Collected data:
----------------

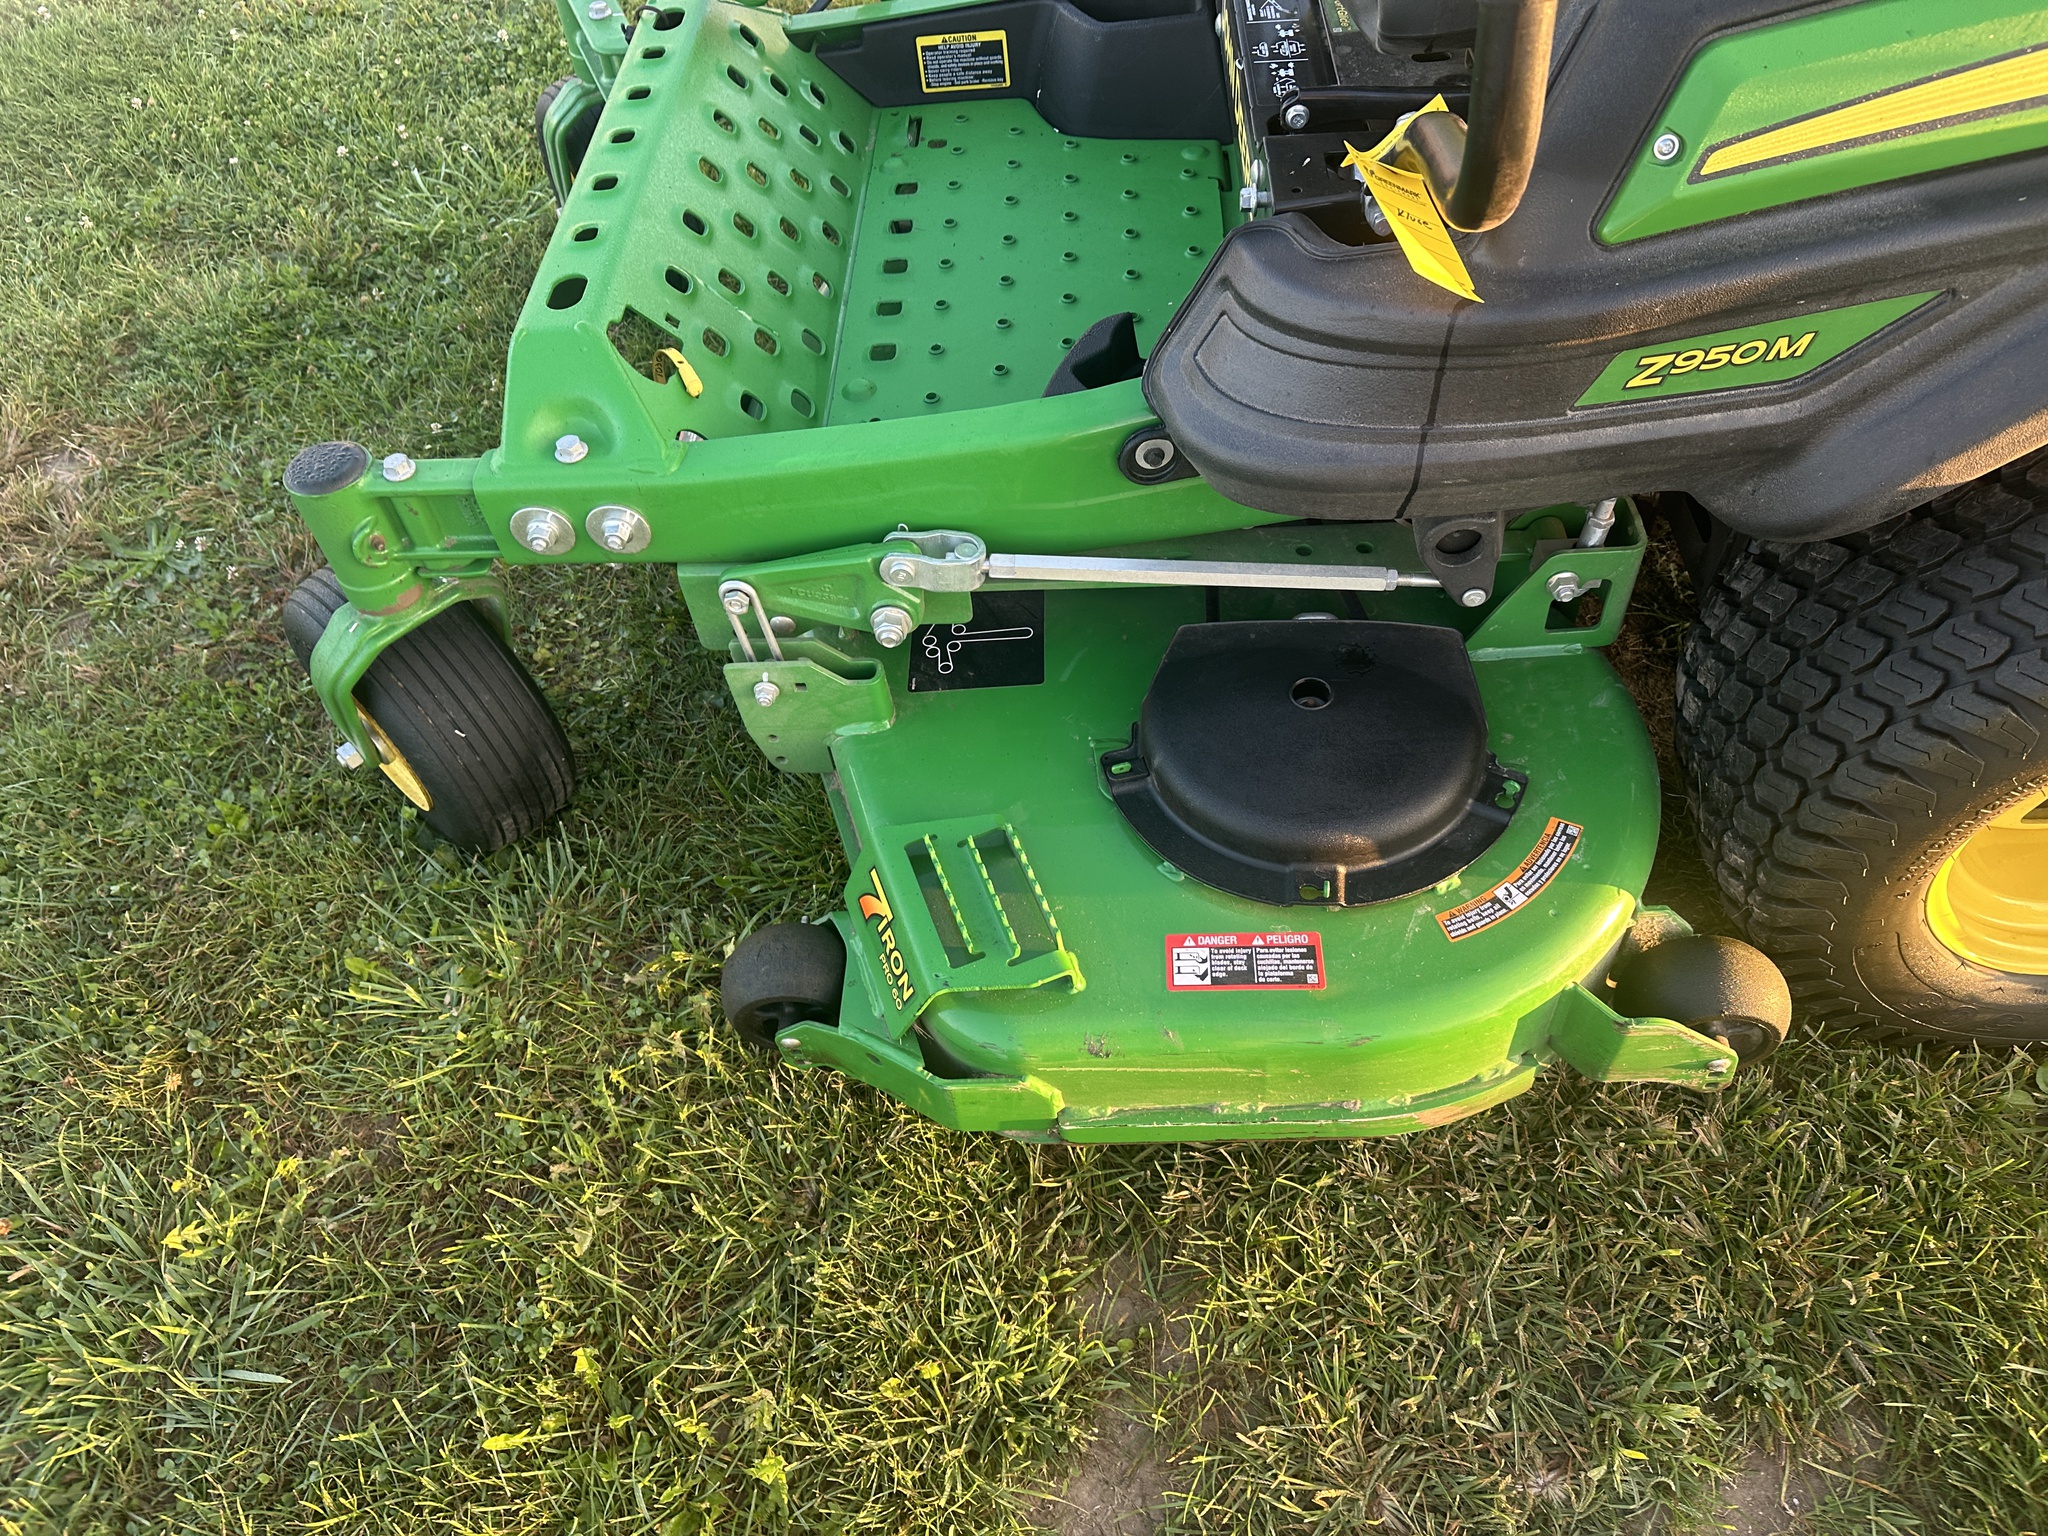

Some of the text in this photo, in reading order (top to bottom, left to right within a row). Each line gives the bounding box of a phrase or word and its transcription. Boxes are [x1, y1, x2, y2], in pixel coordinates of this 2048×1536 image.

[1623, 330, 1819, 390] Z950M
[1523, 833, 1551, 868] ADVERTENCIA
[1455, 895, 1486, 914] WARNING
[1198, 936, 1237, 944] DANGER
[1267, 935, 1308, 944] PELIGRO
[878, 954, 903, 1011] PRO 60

----------------

> _Assignment_:
Go through the records above and write out every line exactly, passing over the pictures.

> _Exercise result_:
Some of the text in this photo, in reading order (top to bottom, left to right within a row). Each line gives the bounding box of a phrase or word and its transcription. Boxes are [x1, y1, x2, y2], in pixel coordinates of this 2048×1536 image.

[1623, 330, 1819, 390] Z950M
[1523, 833, 1551, 868] ADVERTENCIA
[1455, 895, 1486, 914] WARNING
[1198, 936, 1237, 944] DANGER
[1267, 935, 1308, 944] PELIGRO
[878, 954, 903, 1011] PRO 60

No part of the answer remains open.